§ **Task description**: Where a picture shows up in the listing below, omit it and output the rest exactly.

§ **Data extracts**:
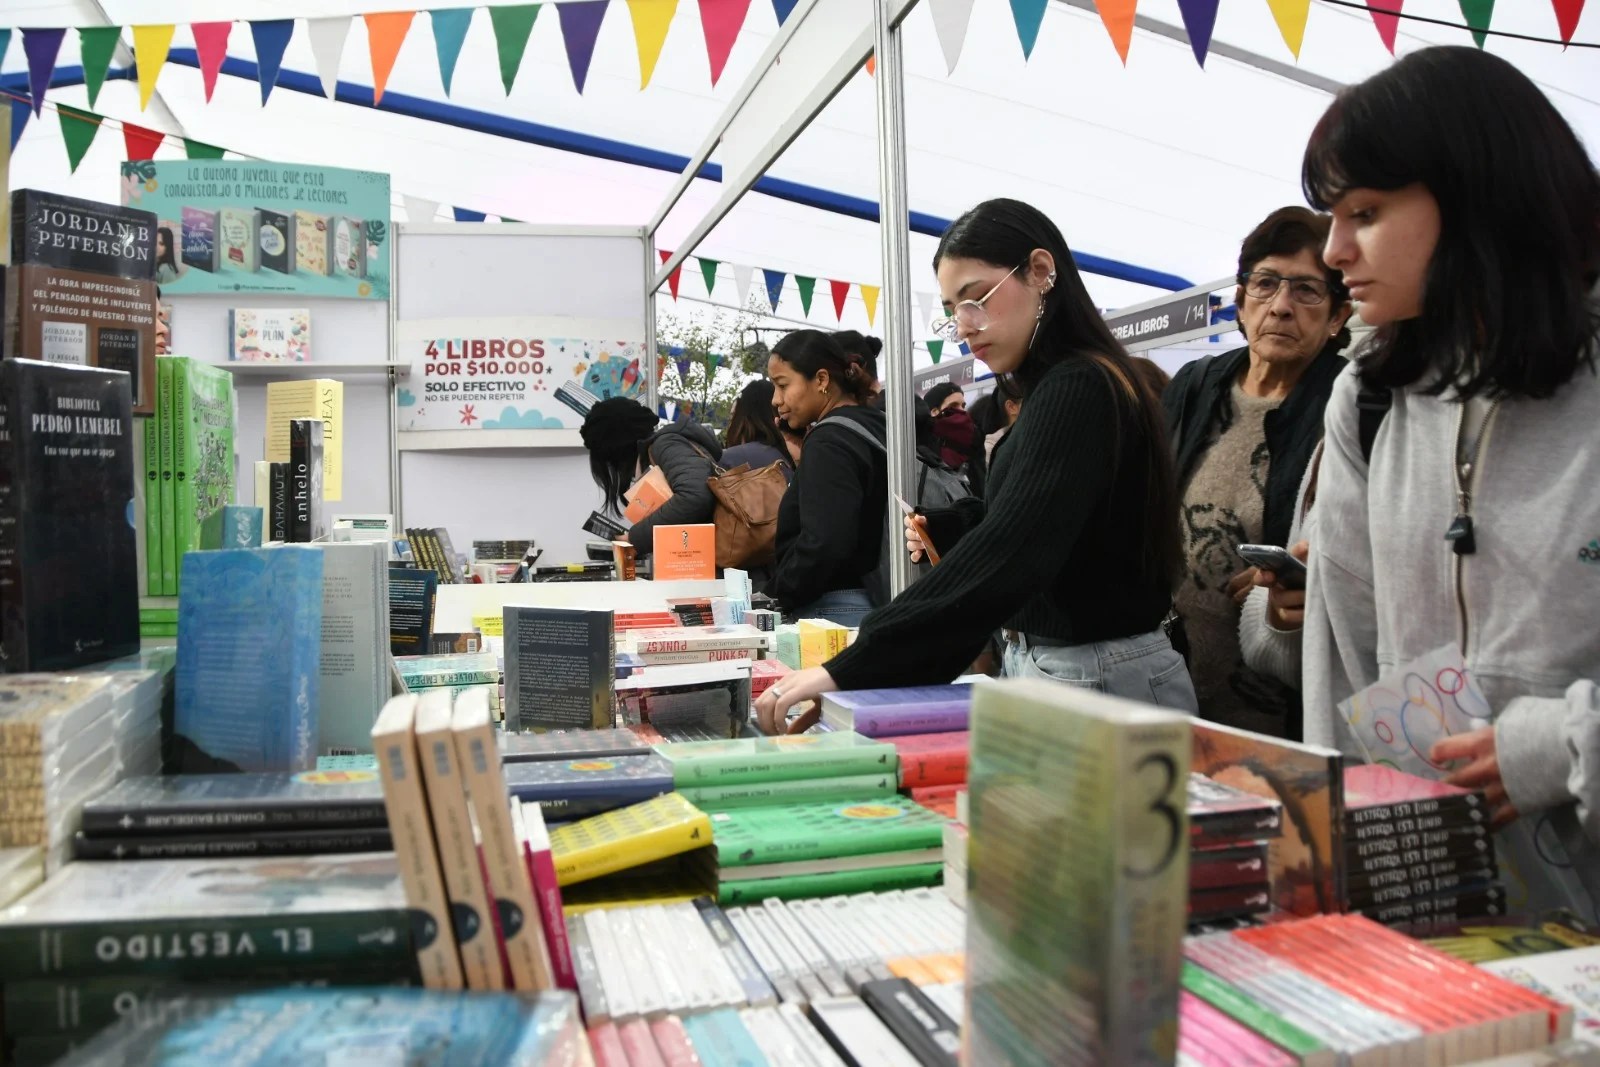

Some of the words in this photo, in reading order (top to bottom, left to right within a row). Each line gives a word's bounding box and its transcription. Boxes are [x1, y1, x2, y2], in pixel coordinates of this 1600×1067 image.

[38, 209, 131, 238] JORDAN
[137, 227, 149, 242] B
[38, 231, 149, 261] PETERSON
[48, 277, 57, 286] LA
[59, 279, 80, 288] OBRA
[82, 280, 141, 297] IMPRESCINDIBLE
[33, 289, 48, 299] DEL
[51, 290, 90, 303] PENSADOR
[92, 296, 108, 306] MÁS
[110, 299, 152, 311] INFLUYENTE
[32, 304, 38, 312] Y
[40, 304, 79, 316] POLÉMICO
[92, 310, 126, 321] NUESTRO
[127, 315, 153, 325] TIEMPO
[1135, 314, 1170, 336] LIBROS
[262, 329, 285, 341] PLAN
[425, 340, 439, 360] 4
[447, 339, 545, 360] LIBROS
[425, 361, 461, 376] POR
[467, 360, 544, 376] $10.000
[425, 381, 459, 392] SOLO
[463, 381, 526, 392] EFECTIVO
[921, 379, 931, 391] LOS
[57, 396, 101, 412] BIBLIOTECA
[425, 394, 437, 402] NO
[439, 394, 449, 402] SE
[451, 393, 487, 402] PUEDEN
[488, 393, 525, 401] REPETIR
[323, 388, 333, 440] IDEAS
[32, 413, 72, 434] PEDRO
[75, 416, 122, 436] LEMEBEL
[294, 463, 308, 522] anhelo
[275, 473, 284, 538] BAHAMUT
[646, 641, 658, 653] 57
[659, 640, 687, 652] PUNK
[709, 650, 735, 662] PUNK
[738, 650, 749, 659] 57
[448, 673, 479, 684] VOLVER
[751, 764, 770, 772] EMILY
[554, 799, 568, 807] LAS
[145, 814, 215, 826] BAUDELAIRE
[216, 811, 265, 824] CHARLES
[1123, 751, 1182, 880] 3
[138, 842, 207, 855] BAUDELAIRE
[207, 840, 259, 852] CHARLES
[95, 931, 257, 961] VESTIDO
[272, 928, 314, 952] EL
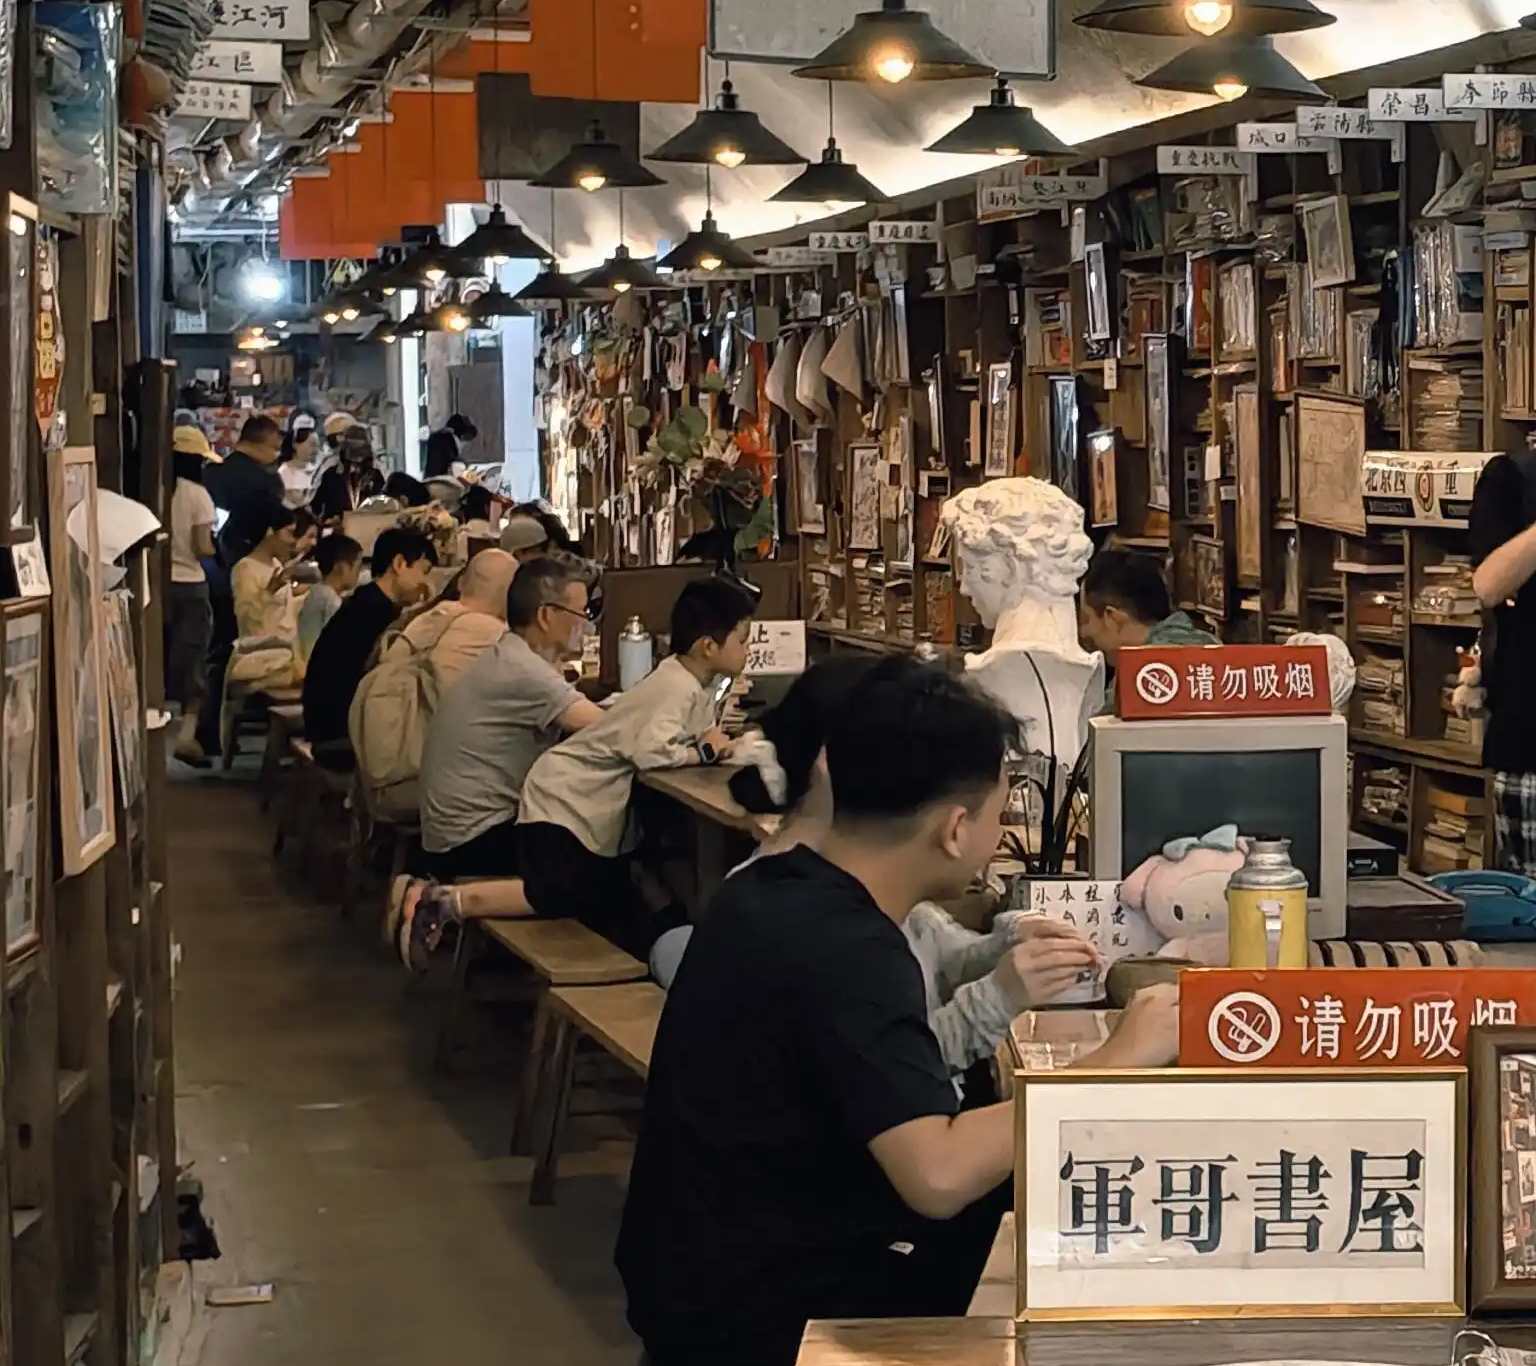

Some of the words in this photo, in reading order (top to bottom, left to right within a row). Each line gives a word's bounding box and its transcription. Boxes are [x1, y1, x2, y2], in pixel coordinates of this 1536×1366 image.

[1186, 661, 1315, 701] 请勿吸烟
[1058, 1148, 1425, 1255] 軍哥書屋
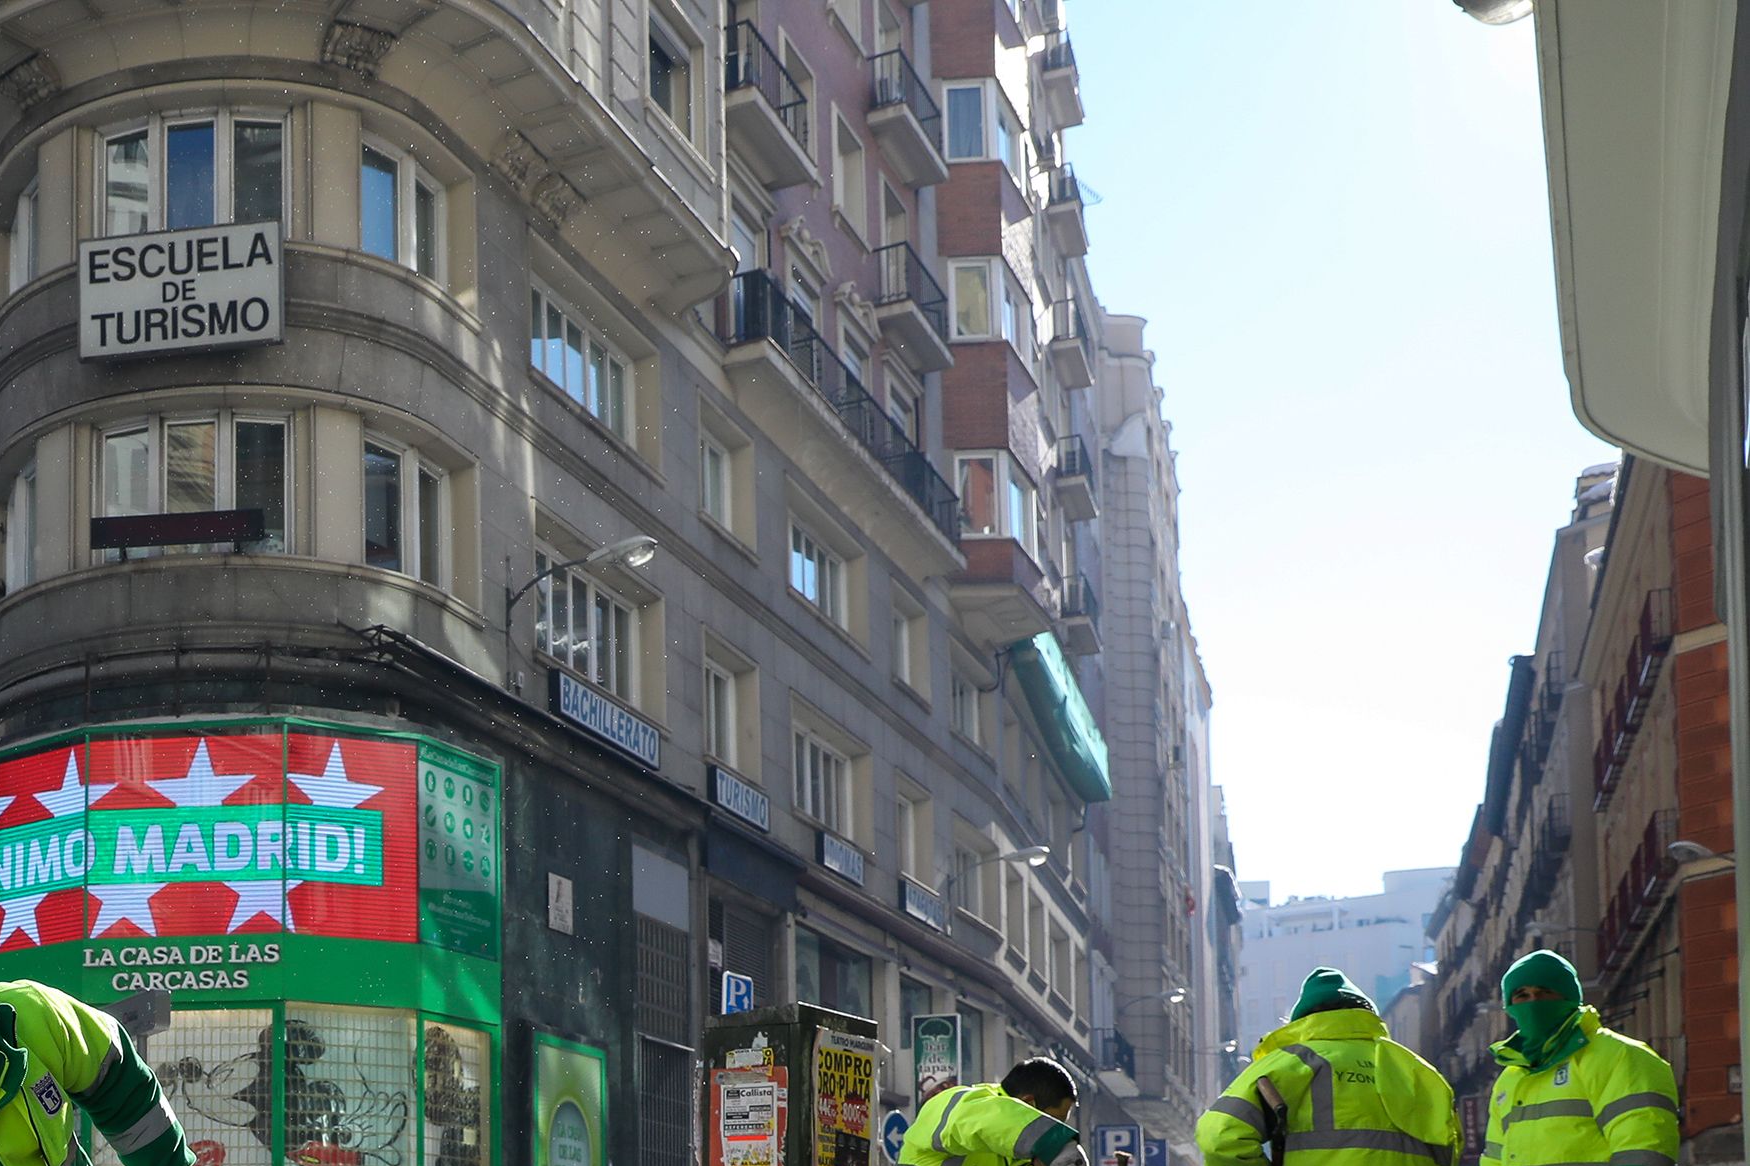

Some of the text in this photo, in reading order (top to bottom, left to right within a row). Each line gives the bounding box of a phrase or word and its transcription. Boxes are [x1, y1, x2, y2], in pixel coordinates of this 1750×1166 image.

[89, 232, 273, 284] ESCUELA
[162, 279, 196, 303] DE
[91, 297, 270, 347] TURISMO
[563, 677, 657, 761] BACHILLERATO
[718, 772, 767, 825] TURISMO
[113, 821, 366, 875] MADRID!
[83, 943, 280, 967] LA CASA DE LAS
[112, 970, 250, 992] CARCASAS
[729, 977, 747, 1007] P
[924, 1041, 946, 1051] bar
[919, 1064, 954, 1075] tapas
[929, 1054, 941, 1063] de
[1335, 1071, 1375, 1084] Y ZON
[1105, 1131, 1130, 1156] P

§ **Response area**:
Some of the words in this photo, in reading order (top to bottom, left to right within a row). Each line gives a word's bounding box and its transcription. Boxes are [x1, y1, x2, y2], in pixel coordinates of this 1600×1067 image.

[38, 209, 131, 238] JORDAN
[137, 227, 149, 242] B
[38, 231, 149, 261] PETERSON
[48, 277, 57, 286] LA
[59, 279, 80, 288] OBRA
[82, 280, 141, 297] IMPRESCINDIBLE
[33, 289, 48, 299] DEL
[51, 290, 90, 303] PENSADOR
[92, 296, 108, 306] MÁS
[110, 299, 152, 311] INFLUYENTE
[32, 304, 38, 312] Y
[40, 304, 79, 316] POLÉMICO
[92, 310, 126, 321] NUESTRO
[127, 315, 153, 325] TIEMPO
[1135, 314, 1170, 336] LIBROS
[262, 329, 285, 341] PLAN
[425, 340, 439, 360] 4
[447, 339, 545, 360] LIBROS
[425, 361, 461, 376] POR
[467, 360, 544, 376] $10.000
[425, 381, 459, 392] SOLO
[463, 381, 526, 392] EFECTIVO
[921, 379, 931, 391] LOS
[57, 396, 101, 412] BIBLIOTECA
[425, 394, 437, 402] NO
[439, 394, 449, 402] SE
[451, 393, 487, 402] PUEDEN
[488, 393, 525, 401] REPETIR
[323, 388, 333, 440] IDEAS
[32, 413, 72, 434] PEDRO
[75, 416, 122, 436] LEMEBEL
[294, 463, 308, 522] anhelo
[275, 473, 284, 538] BAHAMUT
[646, 641, 658, 653] 57
[659, 640, 687, 652] PUNK
[709, 650, 735, 662] PUNK
[738, 650, 749, 659] 57
[448, 673, 479, 684] VOLVER
[751, 764, 770, 772] EMILY
[554, 799, 568, 807] LAS
[145, 814, 215, 826] BAUDELAIRE
[216, 811, 265, 824] CHARLES
[1123, 751, 1182, 880] 3
[138, 842, 207, 855] BAUDELAIRE
[207, 840, 259, 852] CHARLES
[95, 931, 257, 961] VESTIDO
[272, 928, 314, 952] EL

Some of the words in this photo, in reading order (top to bottom, left to right within a row). Each line gives a word's bounding box and its transcription. Boxes are [x1, y1, x2, y2], in pixel coordinates of this 1536×1366 image.

[1186, 661, 1315, 701] 请勿吸烟
[1058, 1148, 1425, 1255] 軍哥書屋

Some of the text in this photo, in reading order (top to bottom, left to right within a row). Each line gives the bounding box of a phrase or word and its transcription. Boxes are [x1, y1, x2, y2], in pixel coordinates of this 1750×1166 image.

[89, 232, 273, 284] ESCUELA
[162, 279, 196, 303] DE
[91, 297, 270, 347] TURISMO
[563, 677, 657, 761] BACHILLERATO
[718, 772, 767, 825] TURISMO
[113, 821, 366, 875] MADRID!
[83, 943, 280, 967] LA CASA DE LAS
[112, 970, 250, 992] CARCASAS
[729, 977, 747, 1007] P
[924, 1041, 946, 1051] bar
[919, 1064, 954, 1075] tapas
[929, 1054, 941, 1063] de
[1335, 1071, 1375, 1084] Y ZON
[1105, 1131, 1130, 1156] P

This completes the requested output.